I spent the majority of my growing-up summers living on my grandparents’ farm. And I wasn’t alone. Whether my grandparents extended the invitation to bless us or to bless our parents didn’t much matter. We seven cousins packed our bags the first day of summer vacation, hit the farm running, and didn’t look back until September started making noise.
When the sun broke through our dreams and drove us from our beds, we girls would gulp down breakfast, yank on our cowboy boots, and head for the barn. We ventured out now and then, of course — to chase cows, climb trees, ride ponies, and beg Grandma for a cup of sugar for dipping rhubarb stalks — but our home base was Grandpa’s barn. To this day, whenever I walk into a barn (and I do, every chance that presents itself), all I have to do is close my eyes and draw in a big breath, and I’m instantly short again. The perpetual dust inside drifts through a sunbeam like miniature snowflakes, I’m surrounded by the heavenly tang of manure, and I can feel and hear the stomp of cow feet or horse feet or girl feet slapping the concrete floor.
Our favorite thing to do in the barn was to climb up to the hay loft and make mazes with the bales. It took all fourteen of our skinny little no-muscle arms to lift and stack those bales, but unity of purpose kept us grunting and puffing. We’d take a whole morning to create the perfect hay maze, then spend the rest of the day hiding around corners and trying to scare one another.

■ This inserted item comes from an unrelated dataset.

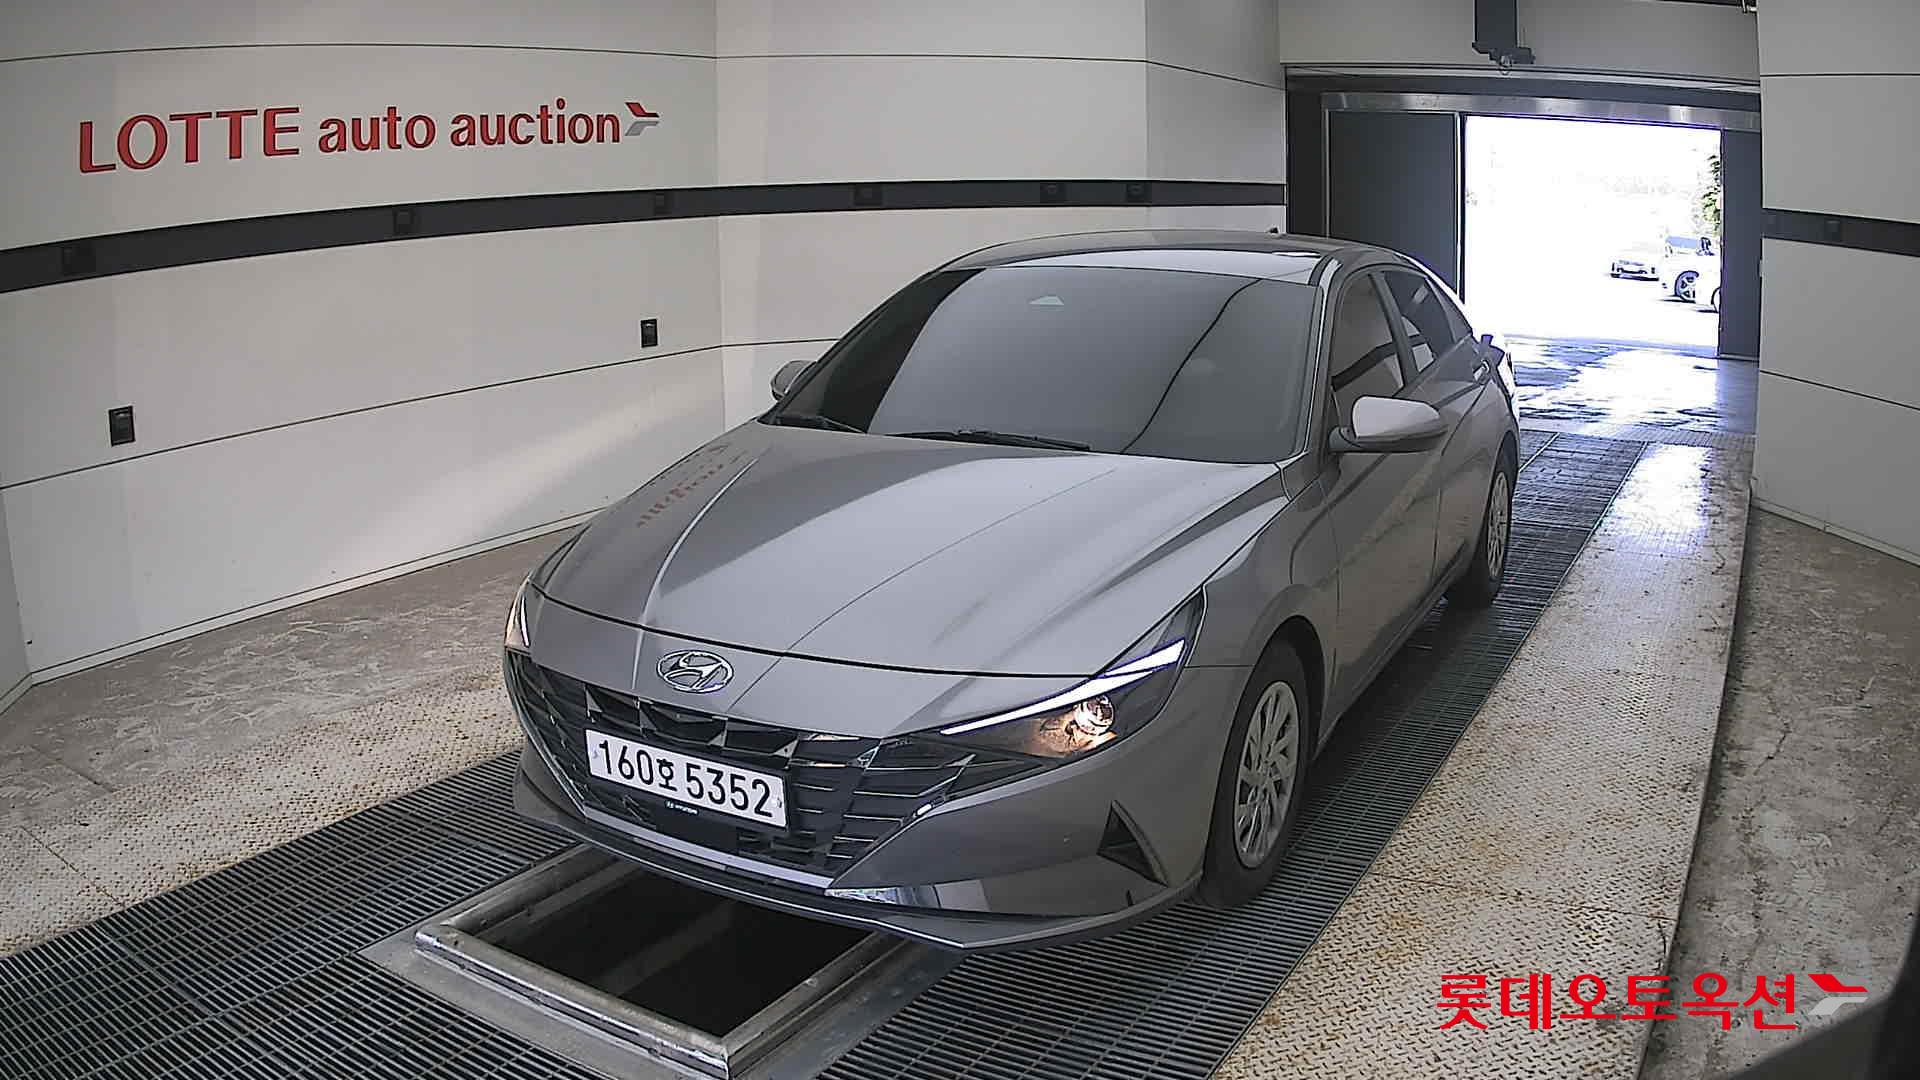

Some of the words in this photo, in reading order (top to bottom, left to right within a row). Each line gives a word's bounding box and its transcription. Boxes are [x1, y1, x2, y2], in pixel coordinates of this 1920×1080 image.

Grandpa let us sweep the broken bales and loose hay out the window. When enough had accumulated in a heap below that second floor window, we’d jump. The worse part of growing up was saying good bye to that rush. There’s little in the adult world that offers the same freedom as leaping from a second floor window. For just a moment there, you and your sixty-five pounds don’t belong to earth.

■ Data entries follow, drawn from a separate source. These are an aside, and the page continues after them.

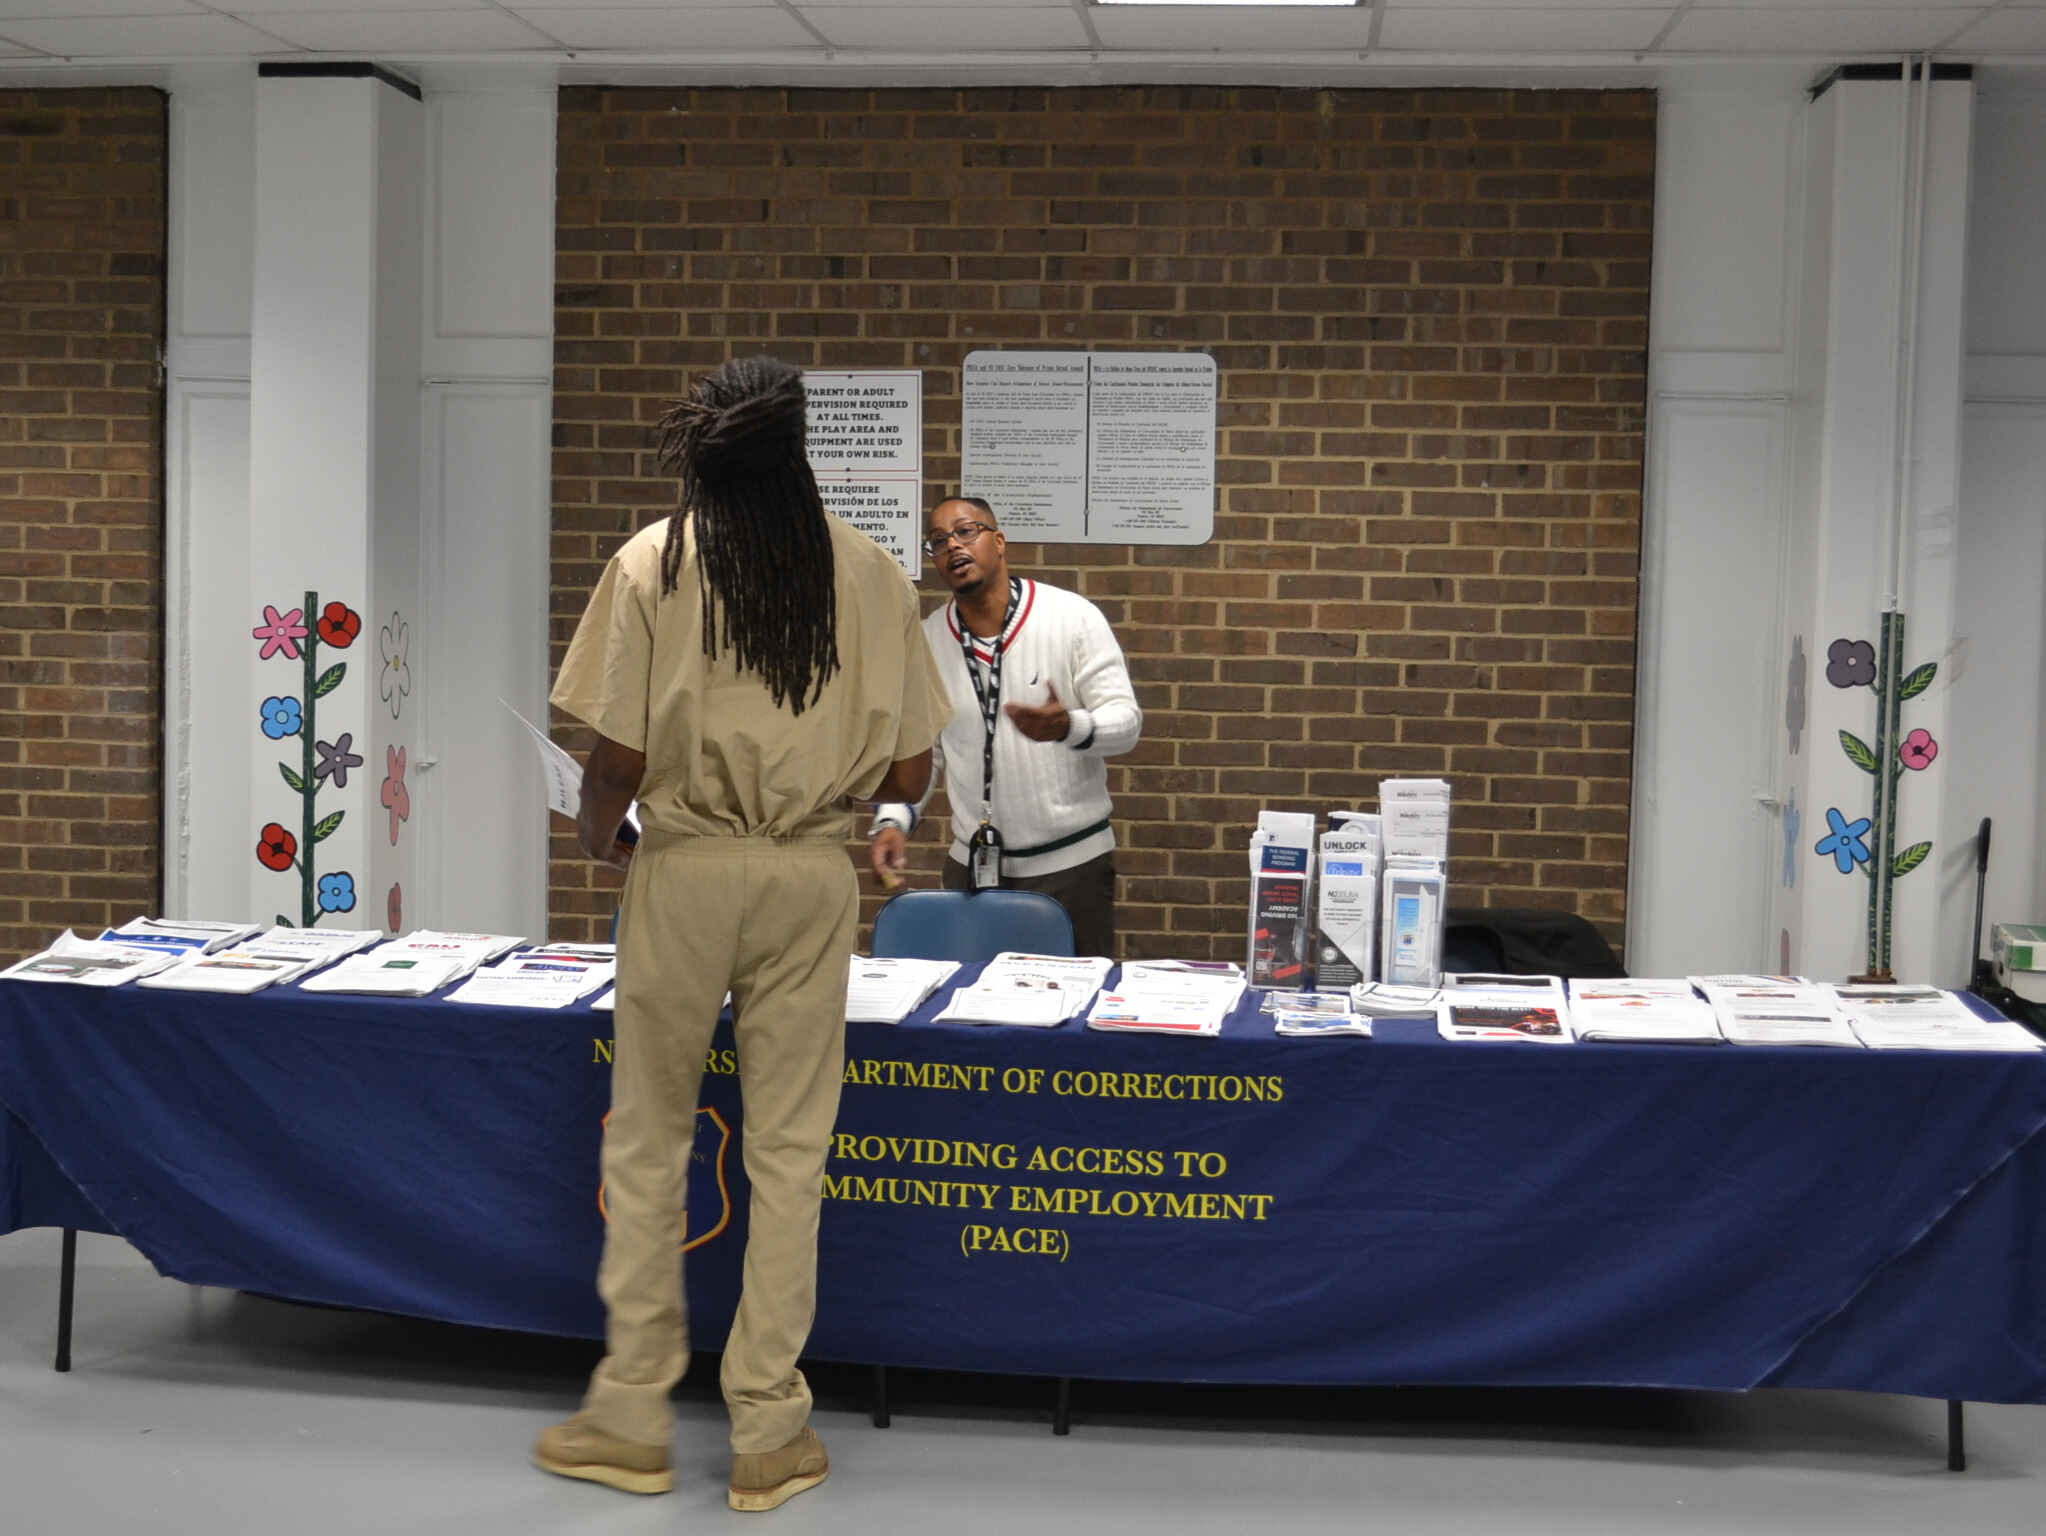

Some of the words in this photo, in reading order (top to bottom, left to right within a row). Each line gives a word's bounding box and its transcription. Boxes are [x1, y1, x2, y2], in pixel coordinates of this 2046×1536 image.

[859, 401, 908, 410] REQUIRED
[805, 438, 854, 447] QUIPMENT
[832, 486, 880, 495] REQUIERE
[824, 496, 865, 506] RVISIÓN
[850, 523, 889, 531] MENTO.
[1324, 841, 1367, 850] UNLOCK
[843, 1059, 994, 1092] ARTMENT
[1002, 1068, 1045, 1094] OF
[1053, 1070, 1283, 1102] CORRECTIONS
[1027, 1145, 1164, 1176] ACCESS
[1174, 1151, 1227, 1178] TO
[822, 1174, 1001, 1210] MMUNITY
[1009, 1186, 1273, 1220] EMPLOYMENT
[961, 1224, 1070, 1262] (PACE)

One summer day, while preparing for a jump, my middle sister Megan took off her spanking-new, bright green tennis shoes and set them off to one side of the window. If her plan was to spare her new shoes an afternoon of dirt, she didn’t think it through. After repeatedly jumping in the hay, running over the grass and across the dirt path and up the grimy stairs to repeat her performance, the feet she planned to plunge back into those new shoes were beyond filthy. But she never got the chance to dirty her footwear. One shoe went missing. Though we looked high and low and everywhere in between, though we moved hay bales and checked corners and took a pitch fork to the pile outside, we never found that second green tennis shoe. No one ever found that shoe. I like to think a family of klepto-crazed field mice lined up while we were giggling in the pile of hay below and dragged that green shoe down a secret hole. In my best imaginings, it became a mice family heirloom … and the story, a legend.

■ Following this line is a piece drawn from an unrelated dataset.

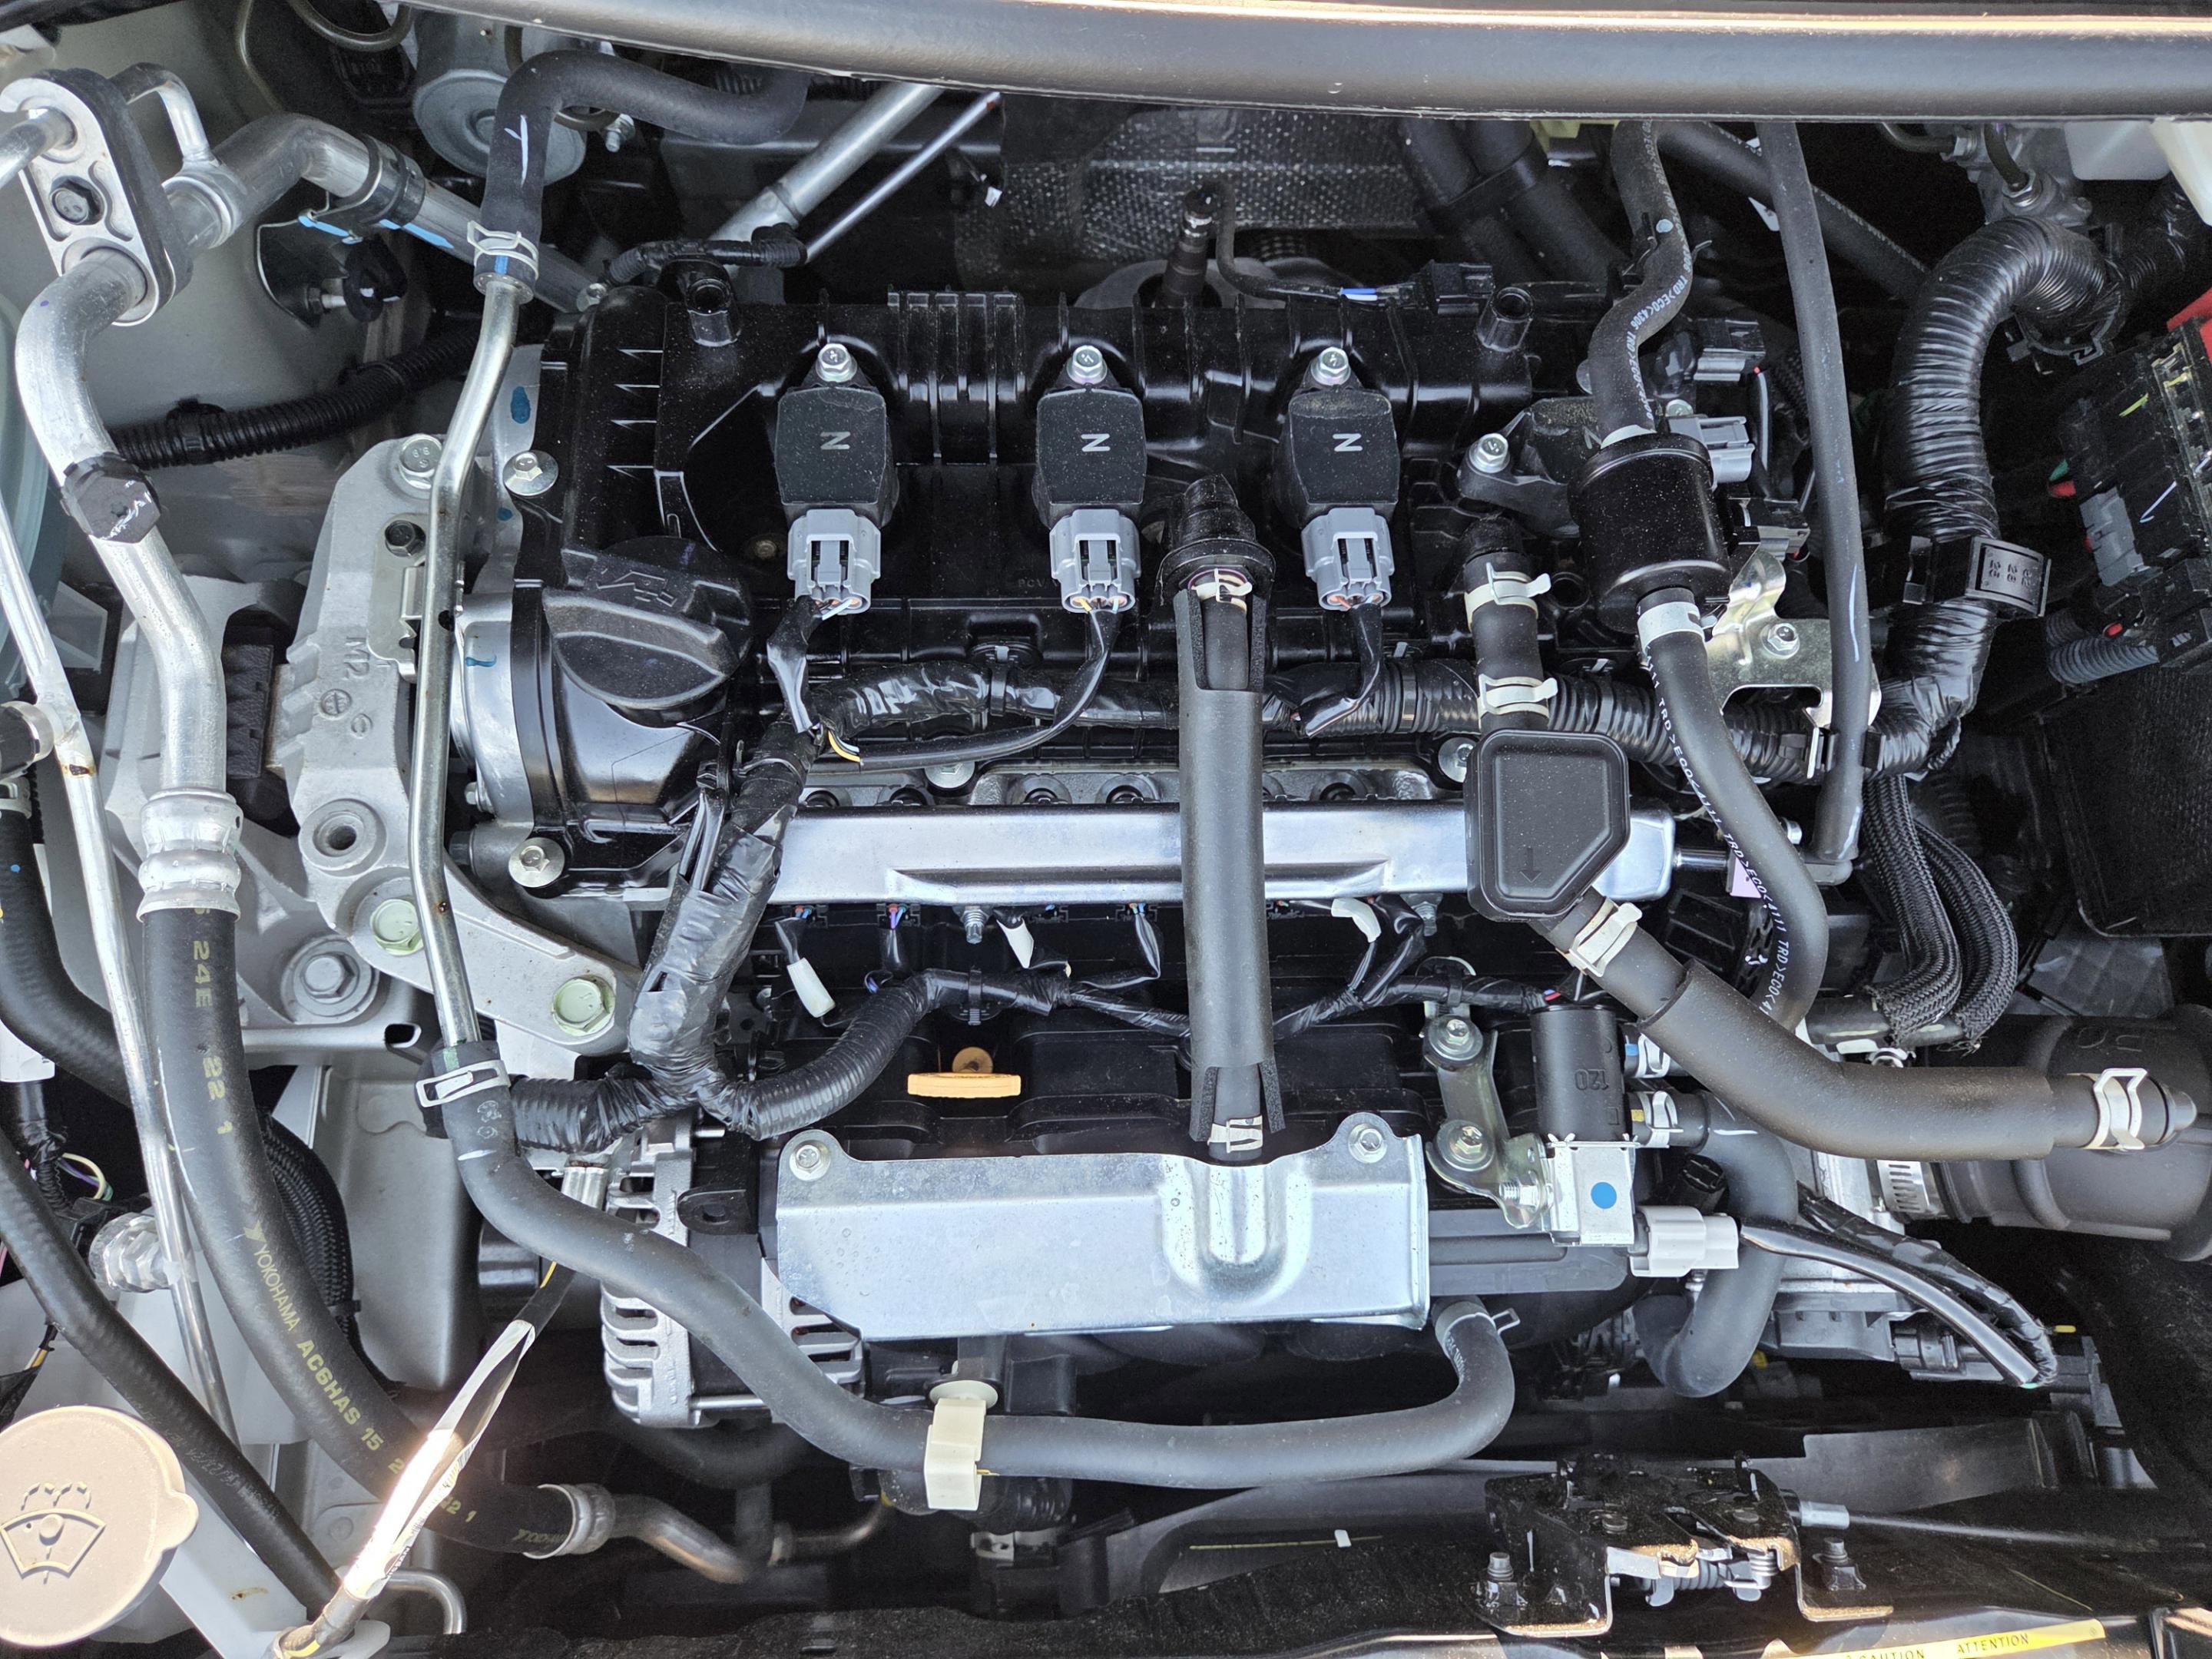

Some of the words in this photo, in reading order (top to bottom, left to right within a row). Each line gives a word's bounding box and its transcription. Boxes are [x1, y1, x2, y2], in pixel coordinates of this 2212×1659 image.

A piece of my sister lingered in that barn, long after she outgrew hay jumping and pony rides. And that’s just how it goes when you’ve sojourned in a place. Whether we plan to or not, we leave pieces of ourselves wherever we travel. Those little markers, little breadcrumbs, show we’ve been this way.
I hope you’re conscious of the pieces you’re leaving behind today. Someday, someone will hold up that breadcrumb and tell the story of you. Make sure it’s a good one.